• [REQUIRED ACTION]
All that is needed is the line containing "this 1280×1280 image." together with each line after it, transcribed exactly to the end of the records.

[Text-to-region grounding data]

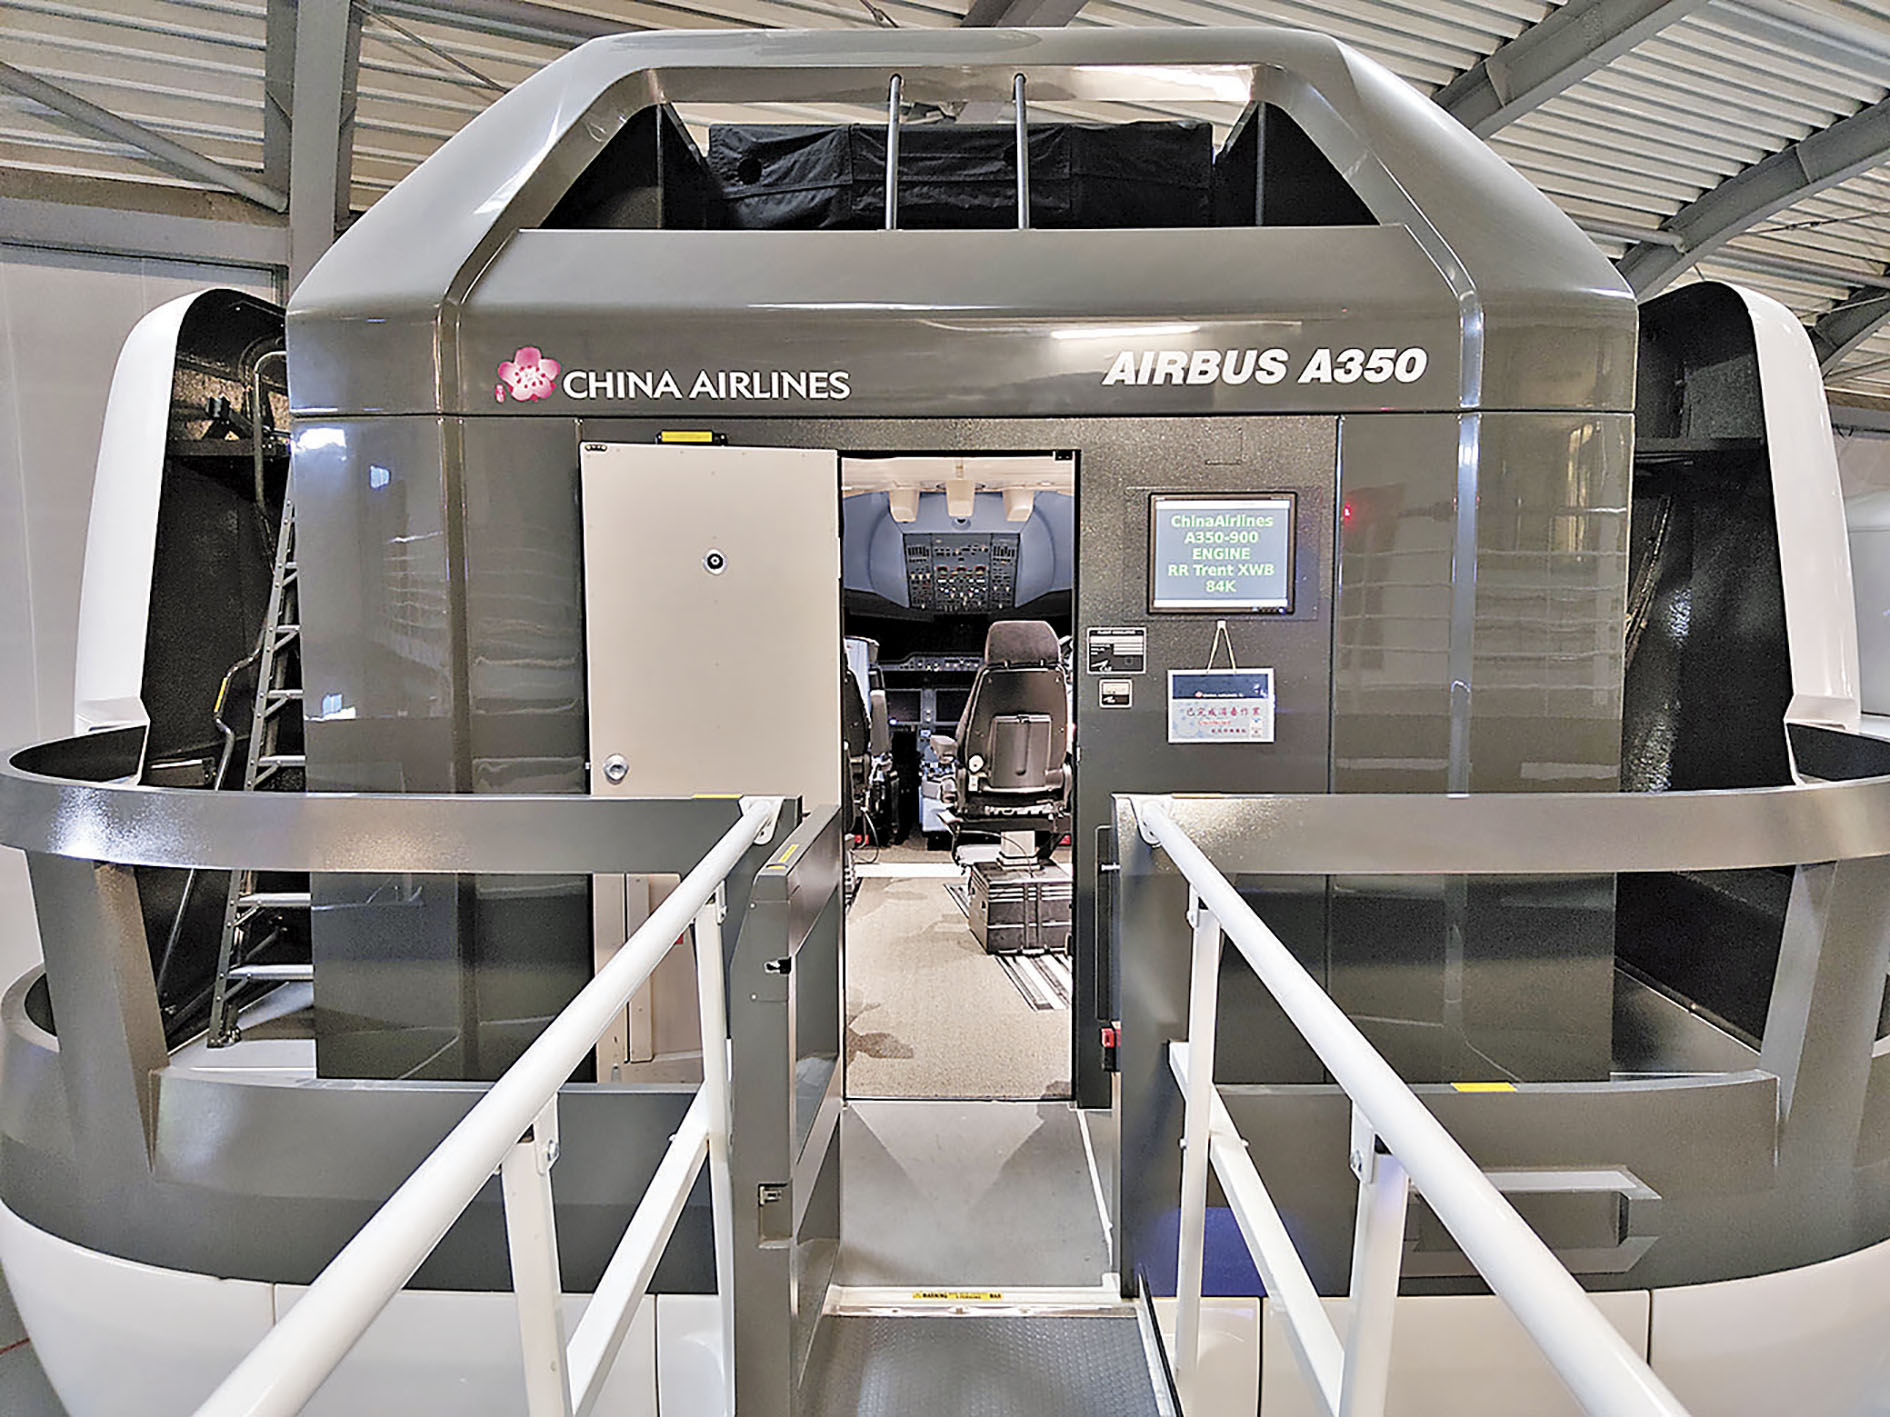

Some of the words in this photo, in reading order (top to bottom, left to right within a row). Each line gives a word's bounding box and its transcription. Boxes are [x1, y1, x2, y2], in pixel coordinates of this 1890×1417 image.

[1101, 348, 1289, 385] AIRBUS
[1297, 347, 1428, 384] A350
[562, 369, 683, 399] CHINA
[689, 369, 851, 399] AIRLINES
[1171, 515, 1274, 528] ChinaAirlines
[1184, 531, 1259, 544] A350-900
[1192, 547, 1251, 560] ENGINE
[1168, 564, 1189, 577] RR
[1193, 564, 1234, 577] Trent
[1238, 563, 1275, 576] XWB
[1206, 580, 1237, 593] 84K
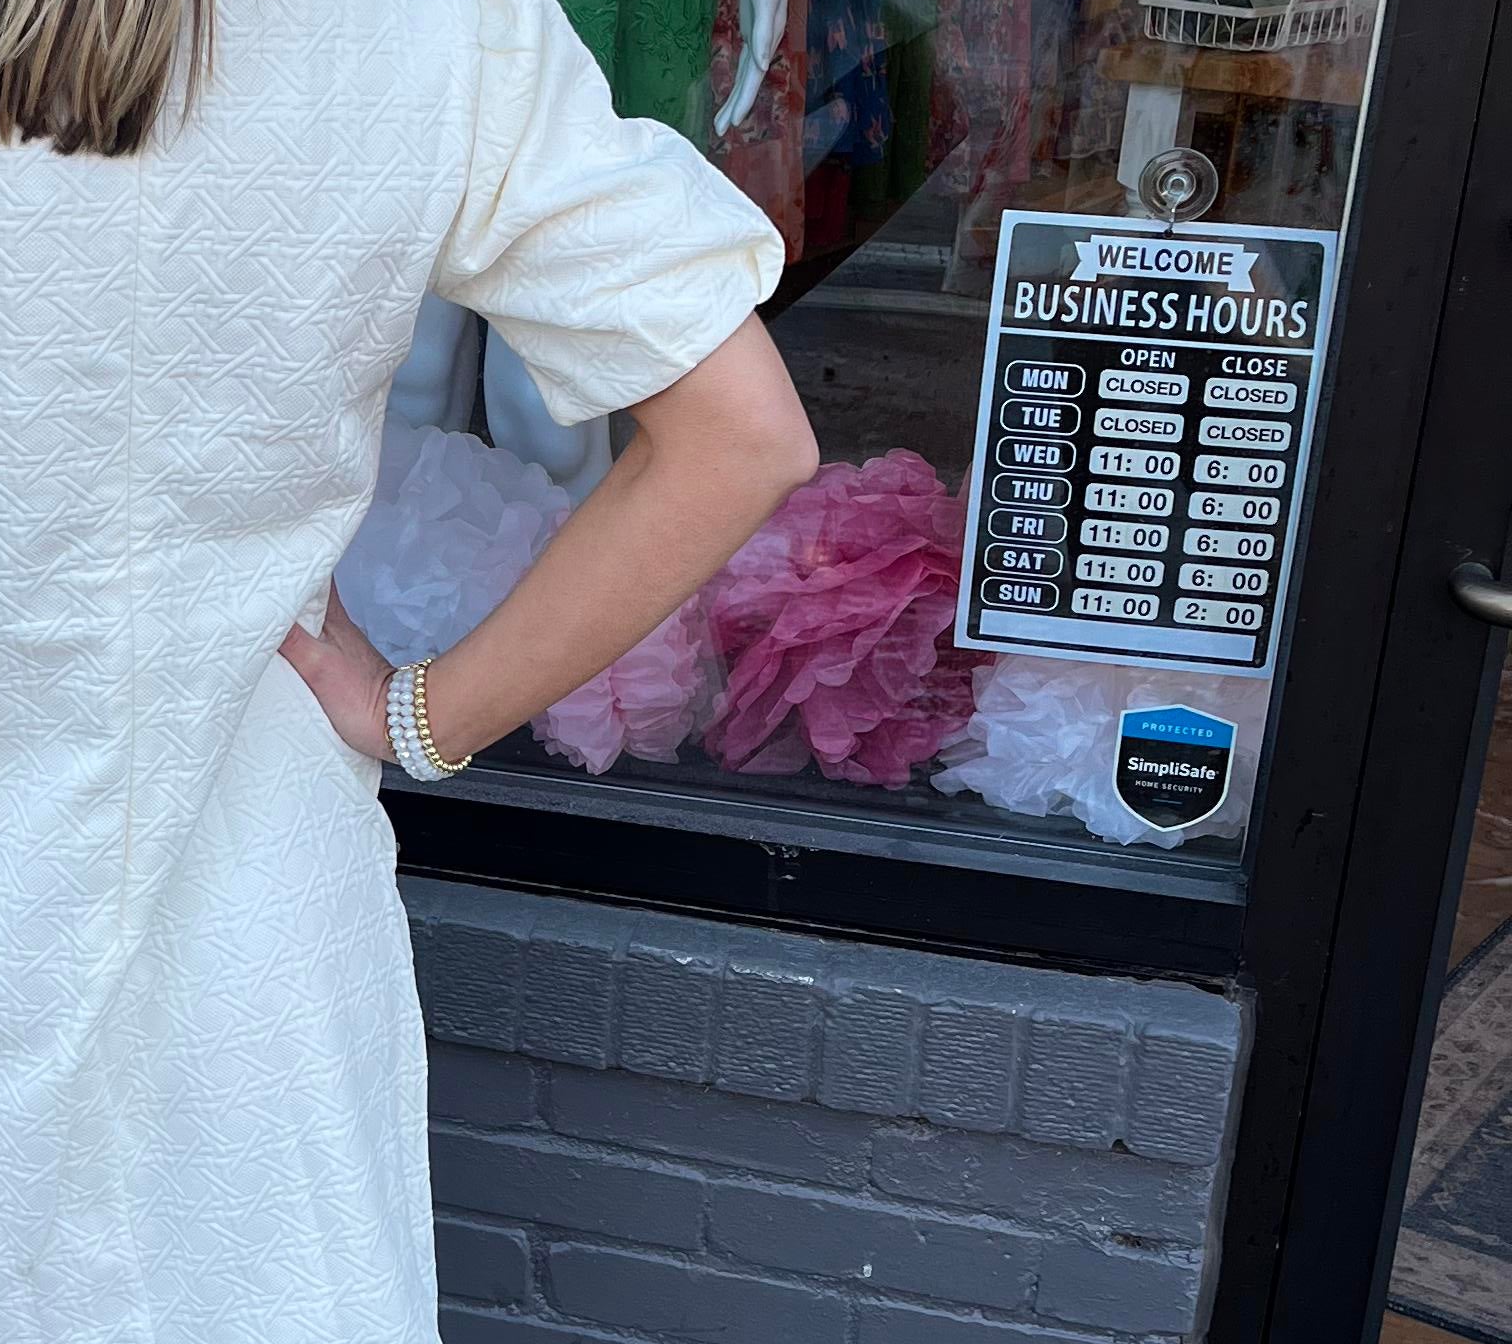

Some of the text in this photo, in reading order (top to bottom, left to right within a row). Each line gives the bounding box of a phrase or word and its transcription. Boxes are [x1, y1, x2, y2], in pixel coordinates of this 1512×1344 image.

[1098, 244, 1234, 275] WELCOME
[1013, 281, 1308, 339] BUSINESS HOURS
[1120, 348, 1288, 377] OPEN CLOSE
[1021, 367, 1288, 406] MON CLOSED CLOSED
[1021, 406, 1285, 445] TUE CLOSED CLOSED
[1013, 443, 1061, 466] WED
[1011, 479, 1054, 501] THU
[1011, 516, 1045, 536] FRI
[1002, 550, 1047, 570] SAT
[998, 583, 1042, 604] SUN
[1141, 721, 1214, 738] PROTECTED
[1127, 756, 1217, 781] SimpliSafe
[1135, 779, 1203, 794] HOME SECURITY
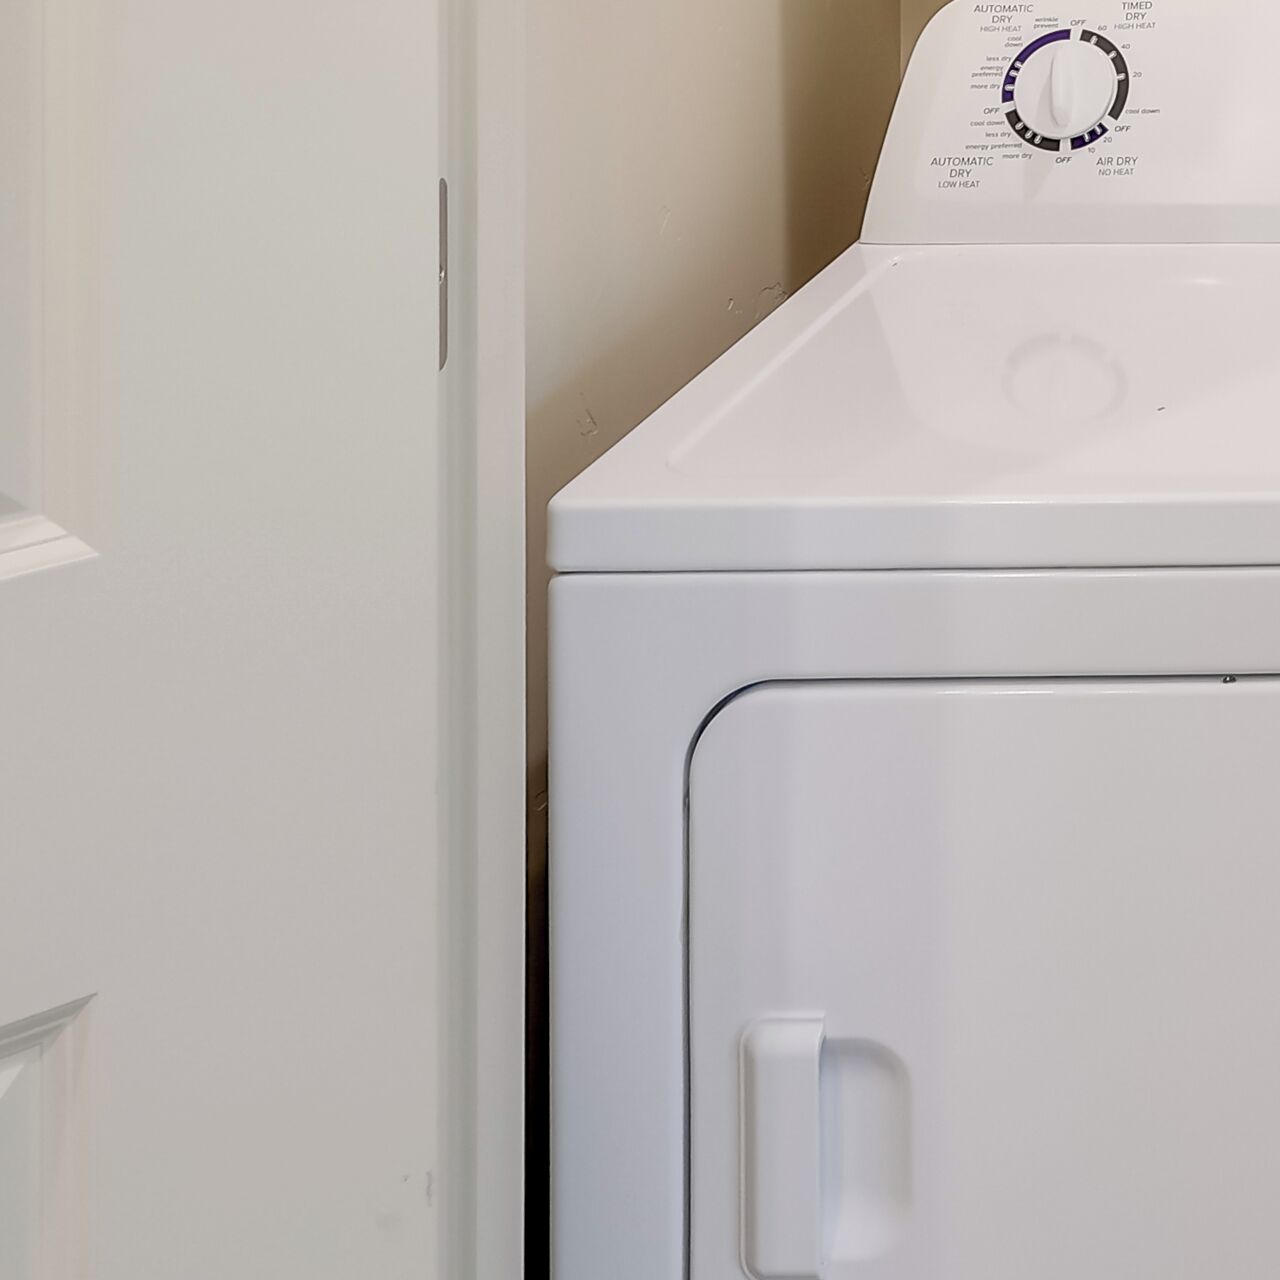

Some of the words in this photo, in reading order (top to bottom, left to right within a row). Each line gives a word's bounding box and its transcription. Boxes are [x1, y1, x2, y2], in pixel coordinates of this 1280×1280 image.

[973, 4, 1034, 13] AUTOMATIC
[1121, 1, 1153, 10] TIMED
[991, 15, 1013, 24] DRY
[1125, 12, 1147, 21] DRY
[983, 107, 1000, 115] OFF
[1000, 131, 1012, 139] dry
[930, 157, 994, 166] AUTOMATIC
[1055, 156, 1073, 164] OFF
[1096, 157, 1113, 166] AIR
[1116, 156, 1139, 166] DRY
[949, 169, 972, 178] DRY
[1098, 168, 1112, 176] NO
[1112, 168, 1135, 176] HEAT
[938, 180, 957, 189] LOW
[958, 180, 980, 188] HEAT

• [WRITTEN SOLUTION]
Some of the words in this photo, in reading order (top to bottom, left to right within a row). Each line gives a word's bounding box and its transcription. Boxes are [x1, y1, x2, y2], in pixel coordinates of this 1280×1280 image.

[973, 4, 1034, 13] AUTOMATIC
[1121, 1, 1153, 10] TIMED
[991, 15, 1013, 24] DRY
[1125, 12, 1147, 21] DRY
[983, 107, 1000, 115] OFF
[1000, 131, 1012, 139] dry
[930, 157, 994, 166] AUTOMATIC
[1055, 156, 1073, 164] OFF
[1096, 157, 1113, 166] AIR
[1116, 156, 1139, 166] DRY
[949, 169, 972, 178] DRY
[1098, 168, 1112, 176] NO
[1112, 168, 1135, 176] HEAT
[938, 180, 957, 189] LOW
[958, 180, 980, 188] HEAT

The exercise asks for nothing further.